Free-text object descriptions:
#####

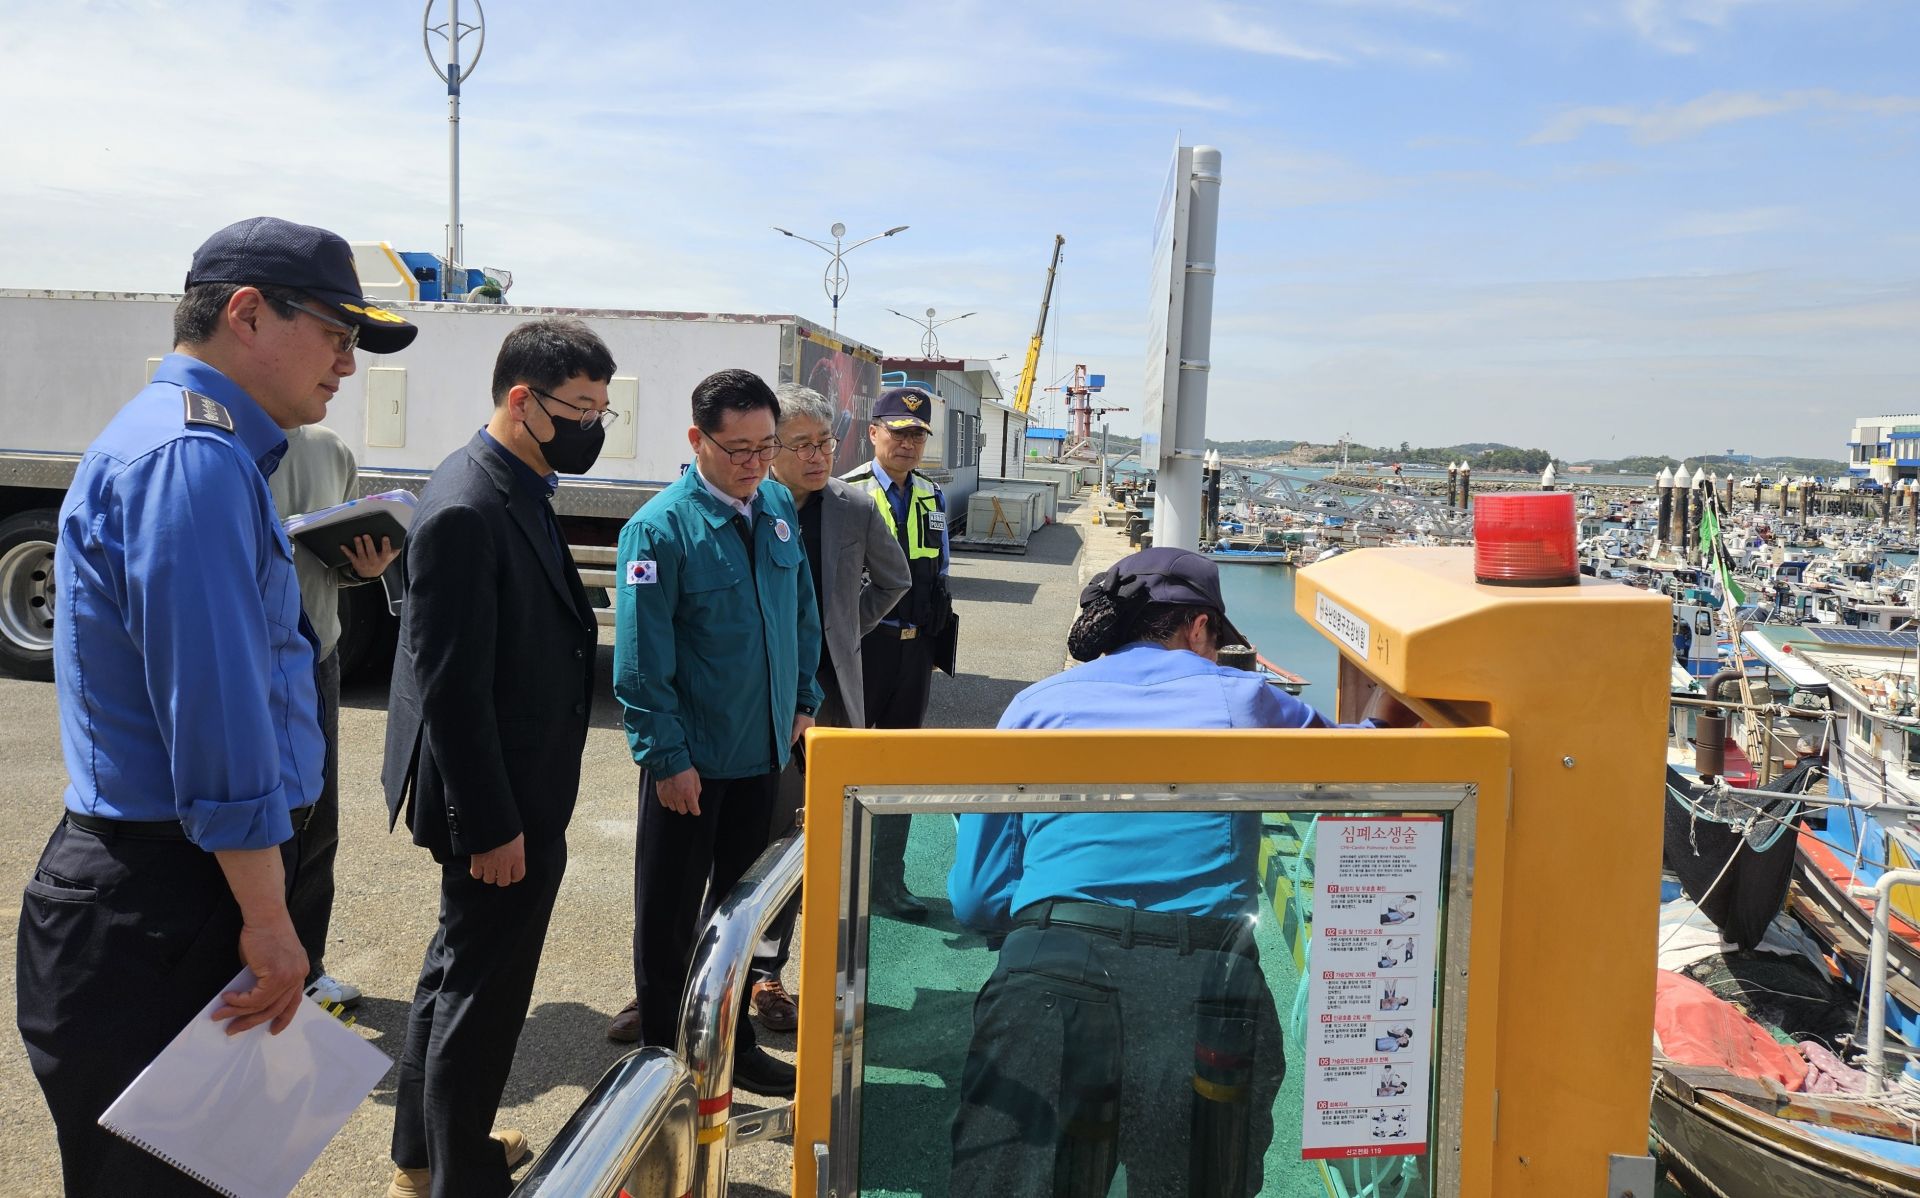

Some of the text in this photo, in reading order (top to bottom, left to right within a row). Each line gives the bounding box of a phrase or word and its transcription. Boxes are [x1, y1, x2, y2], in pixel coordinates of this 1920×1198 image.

[1341, 826, 1418, 844] 심폐소생술
[1329, 885, 1338, 893] 01
[1326, 928, 1336, 936] 02
[1324, 971, 1334, 979] 03
[1320, 1058, 1329, 1066] 05
[1318, 1101, 1328, 1109] 06
[1346, 1148, 1369, 1156] 신고전화

#####

| To do |
Your answer must restate the entries word for word and contain no pictures.

| Solution for this task |
Some of the text in this photo, in reading order (top to bottom, left to right within a row). Each line gives the bounding box of a phrase or word and its transcription. Boxes are [x1, y1, x2, y2], in pixel coordinates of this 1920×1198 image.

[1341, 826, 1418, 844] 심폐소생술
[1329, 885, 1338, 893] 01
[1326, 928, 1336, 936] 02
[1324, 971, 1334, 979] 03
[1320, 1058, 1329, 1066] 05
[1318, 1101, 1328, 1109] 06
[1346, 1148, 1369, 1156] 신고전화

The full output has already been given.